Specificity and Interactions at the Cationic Sites of the Axonal (Na+, K+)‐Activated Adenosinetriphosphatase

Abstract

Specificity at the Mg²⁺ site has been investigated with P‐nitrophenylphosphate and dinitrophenylphosphate as substrates. The interaction parameters between the enzyme and its effectors at the Mg²⁺ site have been determined. Ni²⁺ and Cd²⁺ can be added to the series of known Mg²⁺ analogues. Tb³⁺ also inhibits the enzymatic activity and appears as a promising tool for further studies since it interacts with the (Na⁺,K⁺)‐ATPase in a relatively high affinity process. Interactions between the Mg²⁺ and Na⁺ sites have been studied by the P‐nitrophenylphosphatase activity.
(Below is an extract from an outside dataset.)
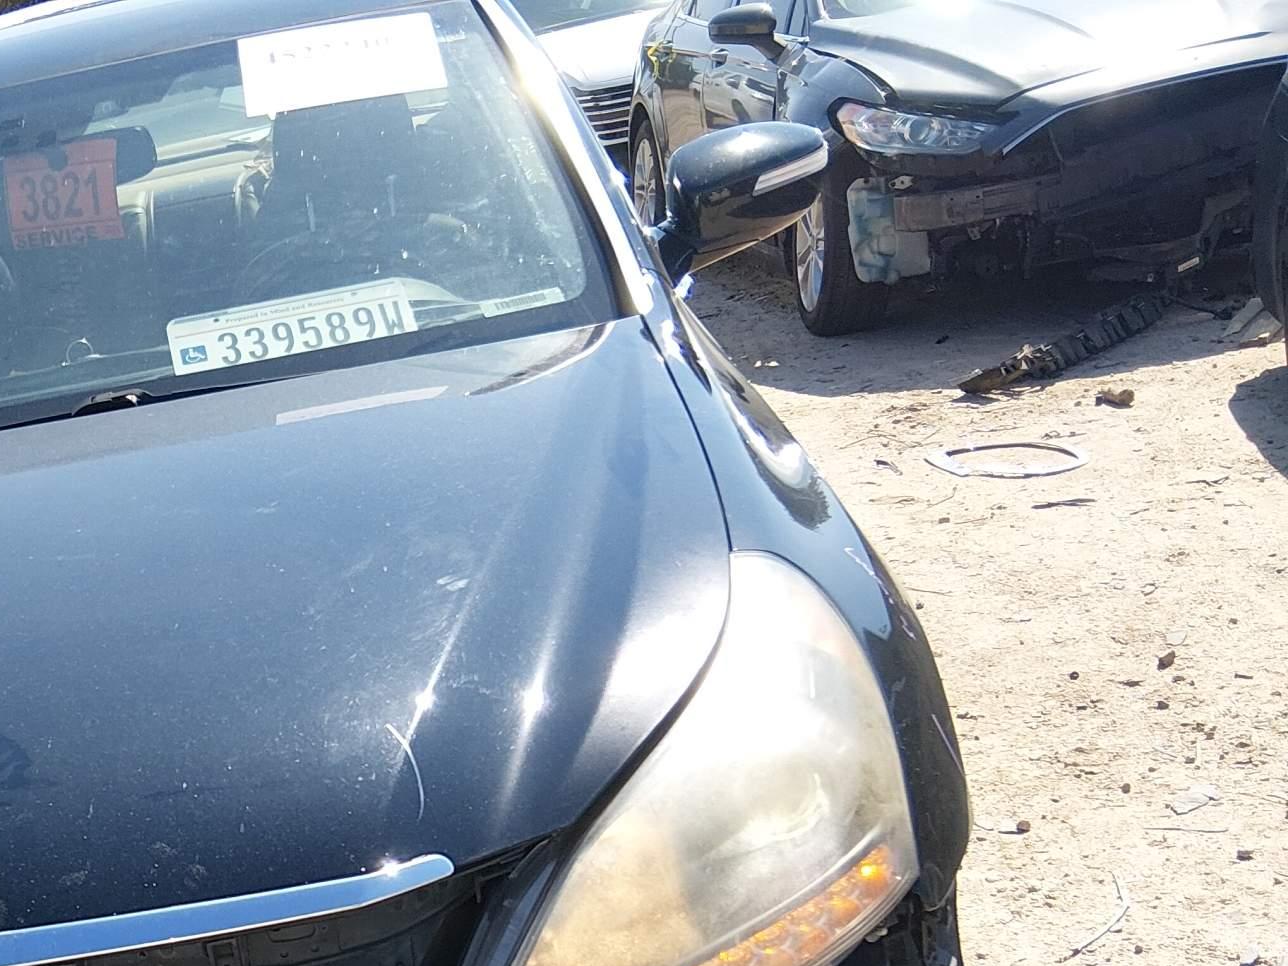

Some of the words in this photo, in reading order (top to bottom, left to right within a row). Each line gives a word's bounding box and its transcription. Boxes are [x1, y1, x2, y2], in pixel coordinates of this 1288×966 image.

Na⁺ decreases the apparent affinity of the enzyme for Mg²⁺ without strong modification of the cooperativity index. Kinetic parameters for ATPase, P‐nitrophenylphosphatase and dinitrophenylphosphatase activations by K⁺ analogues have been determined and the pH dependence of the apparent affinity studied. Heterotropic interactions between K⁺ and Na⁺ sites have been studied with K⁺, Tl⁺ and NH⁺₄. Three substrates have been used. Firstly, with dinitrophenylphosphate, increasing Na⁺ concentration changes the positive cooperativity for K⁺ to a negative one, then back to a positive cooperativity. Simultaneously, the apparent affinity increases then decreases. Secondly, with ATP, an increase of the Na⁺ concentration decreases the apparent affinity for K⁺ and changes the cooperativity from a negative to a positive one. Thirdly, with P‐nitrophenylphosphate, interactions resemble those obtained with dinitrophenylphosphate. When added at concentrations which stimulate the activity, ATP imposes its type of heterotropic interactions between Na⁺ and K⁺ sites.